Reproduce every line of the data, exactly and without its pictures.

┏━━

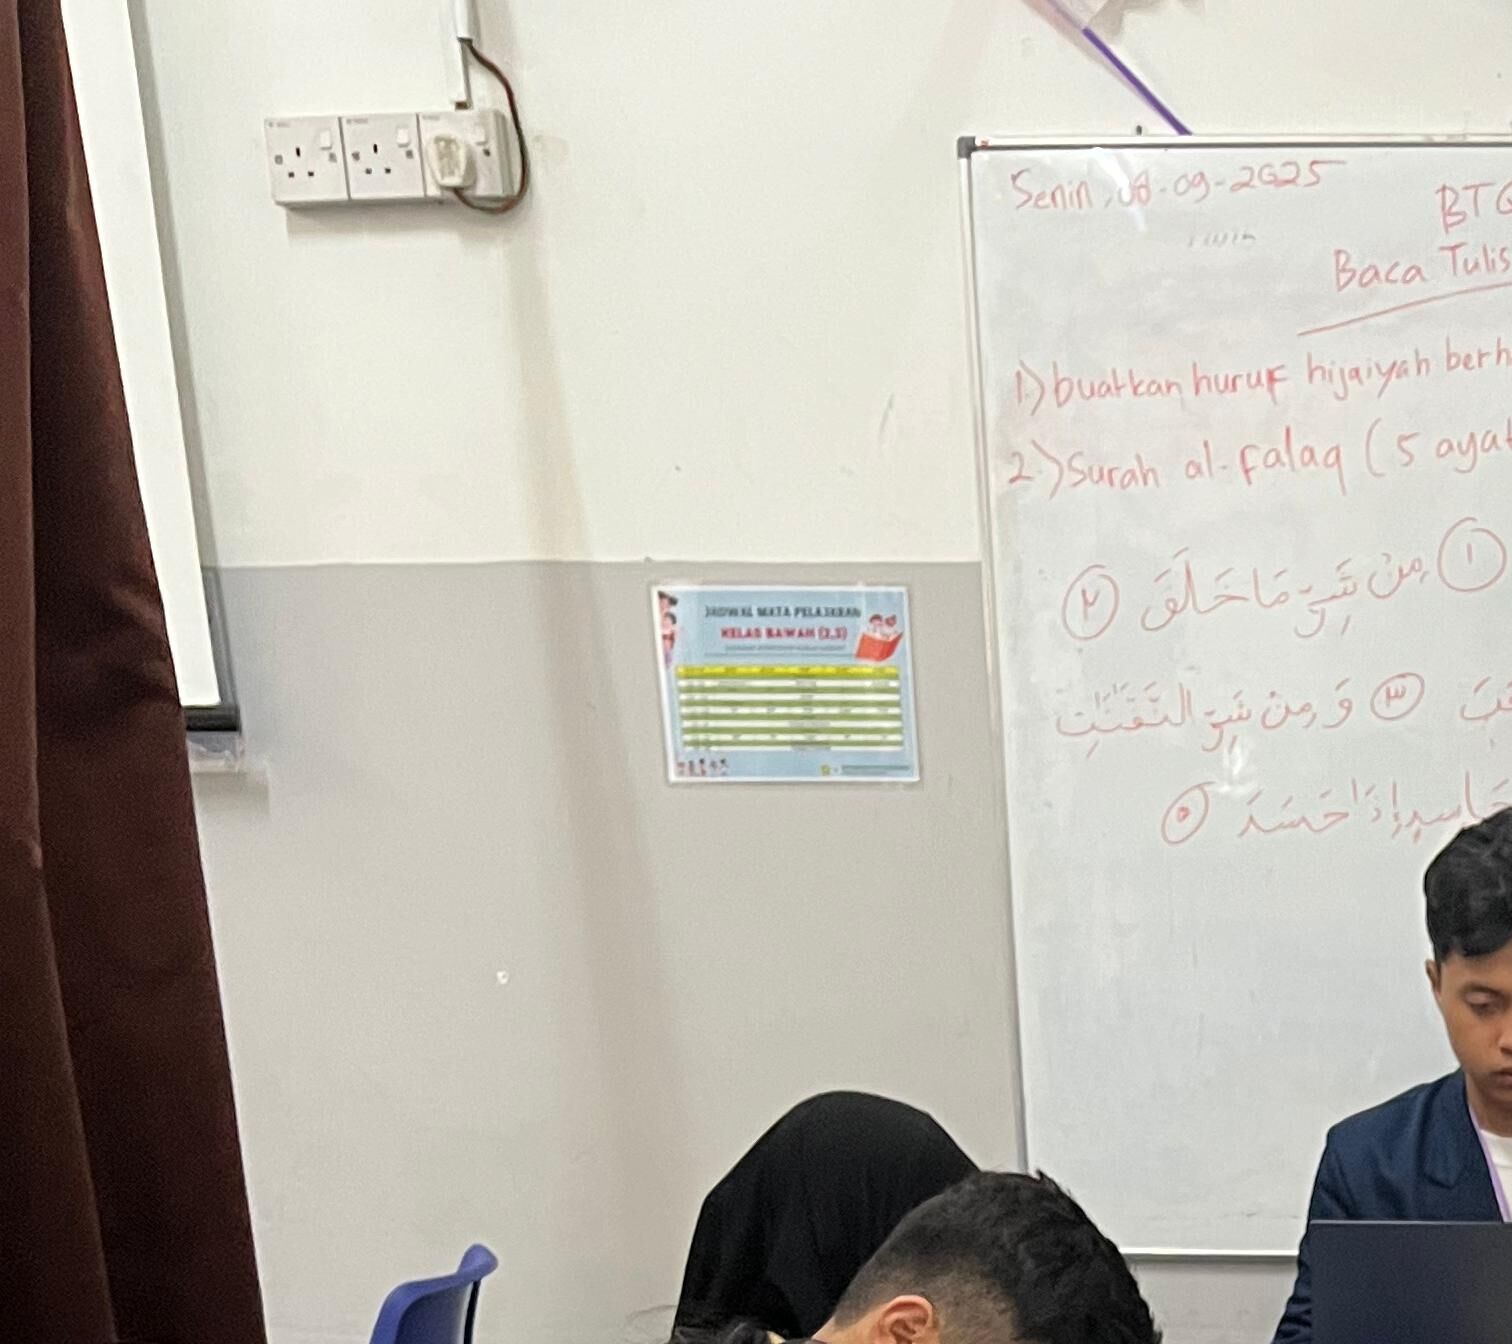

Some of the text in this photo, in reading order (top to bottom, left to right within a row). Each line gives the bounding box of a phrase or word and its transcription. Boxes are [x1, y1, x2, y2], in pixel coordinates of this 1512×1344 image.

[1333, 247, 1427, 292] Baca
[1439, 241, 1510, 277] Tulis
[1192, 361, 1288, 405] huruf
[756, 605, 792, 617] MATA
[720, 627, 762, 639] KELAS
[765, 627, 815, 639] BAWAH

┗━━

■ **SOLUTION FOR THIS EXERCISE**
Some of the text in this photo, in reading order (top to bottom, left to right within a row). Each line gives the bounding box of a phrase or word and its transcription. Boxes are [x1, y1, x2, y2], in pixel coordinates of this 1512×1344 image.

[1333, 247, 1427, 292] Baca
[1439, 241, 1510, 277] Tulis
[1192, 361, 1288, 405] huruf
[756, 605, 792, 617] MATA
[720, 627, 762, 639] KELAS
[765, 627, 815, 639] BAWAH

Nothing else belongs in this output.